→ **THE TASK**:
Below are entries to reproduce exactly, apart from their pictures.

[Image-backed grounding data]
────────────────────────────────────────
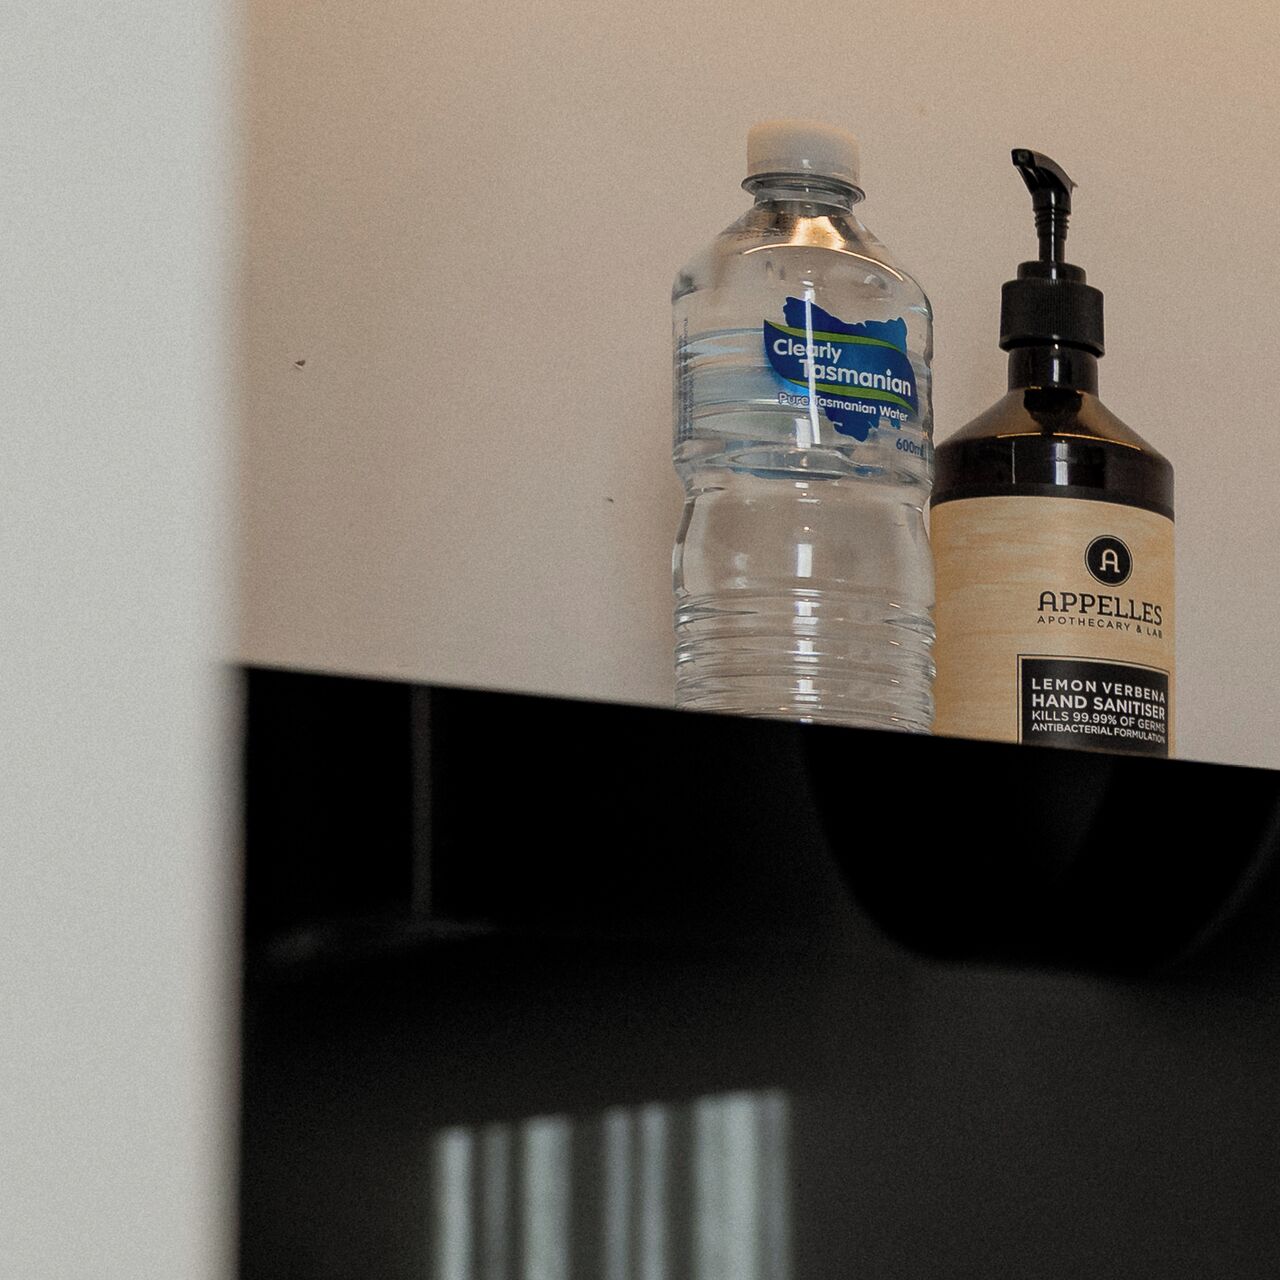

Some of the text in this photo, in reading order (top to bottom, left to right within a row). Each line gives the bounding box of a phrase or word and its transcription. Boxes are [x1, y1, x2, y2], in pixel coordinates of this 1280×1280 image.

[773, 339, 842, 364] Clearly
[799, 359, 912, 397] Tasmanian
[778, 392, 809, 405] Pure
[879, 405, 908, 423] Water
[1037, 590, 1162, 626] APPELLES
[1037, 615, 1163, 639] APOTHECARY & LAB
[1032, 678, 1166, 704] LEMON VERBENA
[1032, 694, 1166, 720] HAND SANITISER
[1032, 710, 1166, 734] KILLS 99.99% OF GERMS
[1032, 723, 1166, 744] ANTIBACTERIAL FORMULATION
────────────────────────────────────────
→ **RESULT**:
Some of the text in this photo, in reading order (top to bottom, left to right within a row). Each line gives the bounding box of a phrase or word and its transcription. Boxes are [x1, y1, x2, y2], in pixel coordinates of this 1280×1280 image.

[773, 339, 842, 364] Clearly
[799, 359, 912, 397] Tasmanian
[778, 392, 809, 405] Pure
[879, 405, 908, 423] Water
[1037, 590, 1162, 626] APPELLES
[1037, 615, 1163, 639] APOTHECARY & LAB
[1032, 678, 1166, 704] LEMON VERBENA
[1032, 694, 1166, 720] HAND SANITISER
[1032, 710, 1166, 734] KILLS 99.99% OF GERMS
[1032, 723, 1166, 744] ANTIBACTERIAL FORMULATION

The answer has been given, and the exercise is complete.